- Exercise details -
Copy all of the data below exactly as it is given.

##### The data #####

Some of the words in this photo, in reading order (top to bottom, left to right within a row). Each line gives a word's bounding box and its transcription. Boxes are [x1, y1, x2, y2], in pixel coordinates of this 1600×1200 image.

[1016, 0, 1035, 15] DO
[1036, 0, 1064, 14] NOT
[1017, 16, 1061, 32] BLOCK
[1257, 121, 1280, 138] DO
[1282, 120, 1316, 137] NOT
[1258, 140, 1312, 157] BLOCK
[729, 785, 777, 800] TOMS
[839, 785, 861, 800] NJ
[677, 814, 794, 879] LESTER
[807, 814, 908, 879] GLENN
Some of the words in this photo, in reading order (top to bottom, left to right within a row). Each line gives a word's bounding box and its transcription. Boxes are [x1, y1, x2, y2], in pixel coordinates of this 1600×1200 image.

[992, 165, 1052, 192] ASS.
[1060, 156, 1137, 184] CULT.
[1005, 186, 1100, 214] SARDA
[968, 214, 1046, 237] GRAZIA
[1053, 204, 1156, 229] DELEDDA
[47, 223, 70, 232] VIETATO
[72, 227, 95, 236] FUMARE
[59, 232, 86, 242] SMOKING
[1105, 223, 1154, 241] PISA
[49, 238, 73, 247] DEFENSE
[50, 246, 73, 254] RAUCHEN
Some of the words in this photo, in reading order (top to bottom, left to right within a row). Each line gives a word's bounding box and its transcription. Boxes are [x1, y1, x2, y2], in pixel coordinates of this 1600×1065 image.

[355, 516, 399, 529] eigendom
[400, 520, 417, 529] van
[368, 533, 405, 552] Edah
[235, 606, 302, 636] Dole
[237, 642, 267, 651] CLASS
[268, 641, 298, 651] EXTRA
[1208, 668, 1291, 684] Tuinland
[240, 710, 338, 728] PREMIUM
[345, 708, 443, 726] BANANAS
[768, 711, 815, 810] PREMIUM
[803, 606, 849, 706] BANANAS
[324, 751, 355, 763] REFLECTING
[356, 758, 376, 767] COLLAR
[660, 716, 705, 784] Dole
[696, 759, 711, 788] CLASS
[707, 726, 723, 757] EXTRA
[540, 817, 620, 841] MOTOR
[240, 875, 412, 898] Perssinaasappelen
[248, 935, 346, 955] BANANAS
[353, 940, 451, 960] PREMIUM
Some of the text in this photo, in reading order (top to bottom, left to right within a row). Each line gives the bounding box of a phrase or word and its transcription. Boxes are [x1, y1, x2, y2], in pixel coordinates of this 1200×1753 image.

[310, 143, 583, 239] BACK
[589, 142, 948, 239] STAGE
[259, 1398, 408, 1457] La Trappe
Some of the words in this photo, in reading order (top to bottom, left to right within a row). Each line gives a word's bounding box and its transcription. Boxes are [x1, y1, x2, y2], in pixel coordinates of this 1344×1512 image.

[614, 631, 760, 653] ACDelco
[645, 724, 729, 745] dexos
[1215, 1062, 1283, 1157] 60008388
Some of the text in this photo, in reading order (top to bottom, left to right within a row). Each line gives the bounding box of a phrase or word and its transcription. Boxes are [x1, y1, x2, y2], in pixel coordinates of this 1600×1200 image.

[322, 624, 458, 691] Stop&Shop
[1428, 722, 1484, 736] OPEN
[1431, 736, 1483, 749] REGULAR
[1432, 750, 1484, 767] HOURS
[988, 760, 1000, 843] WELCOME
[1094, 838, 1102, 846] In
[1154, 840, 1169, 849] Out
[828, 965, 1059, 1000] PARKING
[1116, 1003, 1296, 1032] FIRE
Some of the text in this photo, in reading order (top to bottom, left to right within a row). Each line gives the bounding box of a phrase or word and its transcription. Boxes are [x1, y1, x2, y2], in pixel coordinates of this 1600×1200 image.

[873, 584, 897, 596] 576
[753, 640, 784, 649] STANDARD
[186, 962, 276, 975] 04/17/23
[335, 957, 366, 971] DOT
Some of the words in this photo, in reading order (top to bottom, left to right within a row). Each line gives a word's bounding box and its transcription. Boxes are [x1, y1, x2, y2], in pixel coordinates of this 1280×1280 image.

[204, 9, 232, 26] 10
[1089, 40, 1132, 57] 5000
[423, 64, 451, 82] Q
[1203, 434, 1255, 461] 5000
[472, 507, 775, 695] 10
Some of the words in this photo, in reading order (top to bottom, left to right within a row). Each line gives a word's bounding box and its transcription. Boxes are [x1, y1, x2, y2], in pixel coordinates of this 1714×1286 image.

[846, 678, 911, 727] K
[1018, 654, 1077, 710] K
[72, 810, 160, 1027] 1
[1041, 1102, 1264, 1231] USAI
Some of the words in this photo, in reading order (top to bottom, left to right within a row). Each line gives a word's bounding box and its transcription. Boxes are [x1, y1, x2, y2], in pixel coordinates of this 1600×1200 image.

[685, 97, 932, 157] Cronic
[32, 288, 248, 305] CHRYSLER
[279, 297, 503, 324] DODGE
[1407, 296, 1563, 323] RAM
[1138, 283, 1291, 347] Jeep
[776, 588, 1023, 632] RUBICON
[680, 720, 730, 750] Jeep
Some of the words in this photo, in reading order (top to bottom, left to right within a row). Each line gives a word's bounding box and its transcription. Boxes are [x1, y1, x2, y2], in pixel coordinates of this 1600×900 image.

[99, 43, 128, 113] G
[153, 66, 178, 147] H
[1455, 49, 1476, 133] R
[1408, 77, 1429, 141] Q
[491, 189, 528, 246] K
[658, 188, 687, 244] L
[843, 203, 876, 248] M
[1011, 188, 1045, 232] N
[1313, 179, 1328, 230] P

#####

- Finished task -
Some of the words in this photo, in reading order (top to bottom, left to right within a row). Each line gives a word's bounding box and its transcription. Boxes are [x1, y1, x2, y2], in pixel coordinates of this 1600×1200 image.

[1016, 0, 1035, 15] DO
[1036, 0, 1064, 14] NOT
[1017, 16, 1061, 32] BLOCK
[1257, 121, 1280, 138] DO
[1282, 120, 1316, 137] NOT
[1258, 140, 1312, 157] BLOCK
[729, 785, 777, 800] TOMS
[839, 785, 861, 800] NJ
[677, 814, 794, 879] LESTER
[807, 814, 908, 879] GLENN
Some of the words in this photo, in reading order (top to bottom, left to right within a row). Each line gives a word's bounding box and its transcription. Boxes are [x1, y1, x2, y2], in pixel coordinates of this 1600×1200 image.

[992, 165, 1052, 192] ASS.
[1060, 156, 1137, 184] CULT.
[1005, 186, 1100, 214] SARDA
[968, 214, 1046, 237] GRAZIA
[1053, 204, 1156, 229] DELEDDA
[47, 223, 70, 232] VIETATO
[72, 227, 95, 236] FUMARE
[59, 232, 86, 242] SMOKING
[1105, 223, 1154, 241] PISA
[49, 238, 73, 247] DEFENSE
[50, 246, 73, 254] RAUCHEN
Some of the words in this photo, in reading order (top to bottom, left to right within a row). Each line gives a word's bounding box and its transcription. Boxes are [x1, y1, x2, y2], in pixel coordinates of this 1600×1065 image.

[355, 516, 399, 529] eigendom
[400, 520, 417, 529] van
[368, 533, 405, 552] Edah
[235, 606, 302, 636] Dole
[237, 642, 267, 651] CLASS
[268, 641, 298, 651] EXTRA
[1208, 668, 1291, 684] Tuinland
[240, 710, 338, 728] PREMIUM
[345, 708, 443, 726] BANANAS
[768, 711, 815, 810] PREMIUM
[803, 606, 849, 706] BANANAS
[324, 751, 355, 763] REFLECTING
[356, 758, 376, 767] COLLAR
[660, 716, 705, 784] Dole
[696, 759, 711, 788] CLASS
[707, 726, 723, 757] EXTRA
[540, 817, 620, 841] MOTOR
[240, 875, 412, 898] Perssinaasappelen
[248, 935, 346, 955] BANANAS
[353, 940, 451, 960] PREMIUM
Some of the text in this photo, in reading order (top to bottom, left to right within a row). Each line gives the bounding box of a phrase or word and its transcription. Boxes are [x1, y1, x2, y2], in pixel coordinates of this 1200×1753 image.

[310, 143, 583, 239] BACK
[589, 142, 948, 239] STAGE
[259, 1398, 408, 1457] La Trappe
Some of the words in this photo, in reading order (top to bottom, left to right within a row). Each line gives a word's bounding box and its transcription. Boxes are [x1, y1, x2, y2], in pixel coordinates of this 1344×1512 image.

[614, 631, 760, 653] ACDelco
[645, 724, 729, 745] dexos
[1215, 1062, 1283, 1157] 60008388
Some of the text in this photo, in reading order (top to bottom, left to right within a row). Each line gives the bounding box of a phrase or word and its transcription. Boxes are [x1, y1, x2, y2], in pixel coordinates of this 1600×1200 image.

[322, 624, 458, 691] Stop&Shop
[1428, 722, 1484, 736] OPEN
[1431, 736, 1483, 749] REGULAR
[1432, 750, 1484, 767] HOURS
[988, 760, 1000, 843] WELCOME
[1094, 838, 1102, 846] In
[1154, 840, 1169, 849] Out
[828, 965, 1059, 1000] PARKING
[1116, 1003, 1296, 1032] FIRE
Some of the text in this photo, in reading order (top to bottom, left to right within a row). Each line gives the bounding box of a phrase or word and its transcription. Boxes are [x1, y1, x2, y2], in pixel coordinates of this 1600×1200 image.

[873, 584, 897, 596] 576
[753, 640, 784, 649] STANDARD
[186, 962, 276, 975] 04/17/23
[335, 957, 366, 971] DOT
Some of the words in this photo, in reading order (top to bottom, left to right within a row). Each line gives a word's bounding box and its transcription. Boxes are [x1, y1, x2, y2], in pixel coordinates of this 1280×1280 image.

[204, 9, 232, 26] 10
[1089, 40, 1132, 57] 5000
[423, 64, 451, 82] Q
[1203, 434, 1255, 461] 5000
[472, 507, 775, 695] 10
Some of the words in this photo, in reading order (top to bottom, left to right within a row). Each line gives a word's bounding box and its transcription. Boxes are [x1, y1, x2, y2], in pixel coordinates of this 1714×1286 image.

[846, 678, 911, 727] K
[1018, 654, 1077, 710] K
[72, 810, 160, 1027] 1
[1041, 1102, 1264, 1231] USAI
Some of the words in this photo, in reading order (top to bottom, left to right within a row). Each line gives a word's bounding box and its transcription. Boxes are [x1, y1, x2, y2], in pixel coordinates of this 1600×1200 image.

[685, 97, 932, 157] Cronic
[32, 288, 248, 305] CHRYSLER
[279, 297, 503, 324] DODGE
[1407, 296, 1563, 323] RAM
[1138, 283, 1291, 347] Jeep
[776, 588, 1023, 632] RUBICON
[680, 720, 730, 750] Jeep
Some of the words in this photo, in reading order (top to bottom, left to right within a row). Each line gives a word's bounding box and its transcription. Boxes are [x1, y1, x2, y2], in pixel coordinates of this 1600×900 image.

[99, 43, 128, 113] G
[153, 66, 178, 147] H
[1455, 49, 1476, 133] R
[1408, 77, 1429, 141] Q
[491, 189, 528, 246] K
[658, 188, 687, 244] L
[843, 203, 876, 248] M
[1011, 188, 1045, 232] N
[1313, 179, 1328, 230] P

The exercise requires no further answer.